In this article, we will be building an Image-to-speech pipeline that can eventually serve as a backend for a visual assistant application.
To convert an image to speech, two Steps:
- Image to Text, and
- Text to Speech
For Image to Text, we will be using OpenAI Vision, and for Text To Speech, we will be using Amazon Polly.
We will first take a look at how each individual parts work. We will then combine what we have to create a Lambda function as well as an API Gateway integration to handle binary files directly.
The overall architecture will look like below.
Update 2024.04.03: I just realized that I can basically use Bedrock instead of OpenAI to perform the exact same task so I have also added a little section to show yo how to convert image to text using Bedrock.
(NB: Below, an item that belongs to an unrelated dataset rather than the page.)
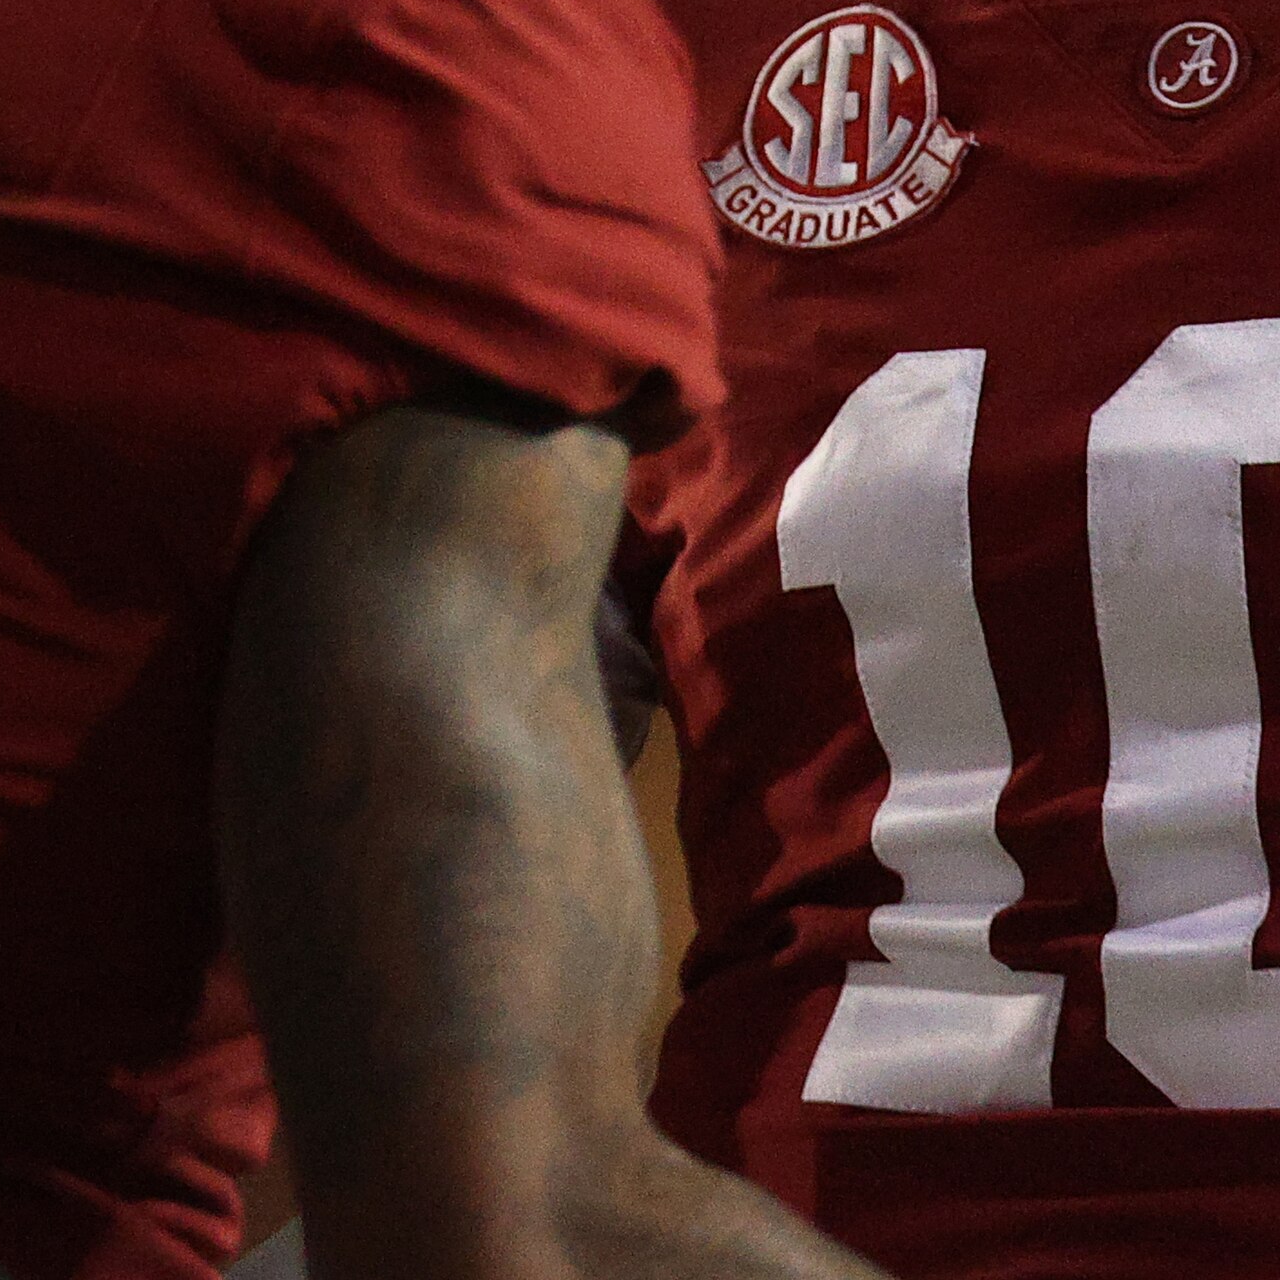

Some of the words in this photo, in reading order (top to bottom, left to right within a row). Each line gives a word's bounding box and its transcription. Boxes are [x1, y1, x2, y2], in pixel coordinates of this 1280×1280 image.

[1160, 32, 1219, 93] A
[763, 23, 917, 189] SEC
[724, 172, 932, 245] GRADUATE
If you don’t have time to read through this article, you can also just grab the source code from my GitHub!
Let’s get started!
Image to Text
Our text should
- describe the image
- summarize the content ff the image is a document, article, or a form.
I have tried to see if I can use Amazon Textract + Sagemaker to do it (so that I can keep everything within AWS), but obviously required more works than needed.
As you might know me by know, I hate hard work so we will be using OpenAI Vision for this task.
We will be using gpt-4-vision-preview
model and the images are made available in two ways:
- a link to the image, or
- the base64 encoded image directly.
Obviously, we don’t want to make the image public. Therefore, we will be passing in base64 encoded image directly in our request.
There are size requirements for the image that we need to conform to. The short side should be less than 768px
and the long side should be less than 2000px
.
Here are some functions for image manipulation. Some of those are for local testing, while others will actually be used in the lambda function we will be creating later.
Covert a local image to base 64 encoded format
import base64
def encode_image(image_path):
with open(image_path, "rb") as image_file:
return base64.b64encode(image_file.read()).decode('utf-8')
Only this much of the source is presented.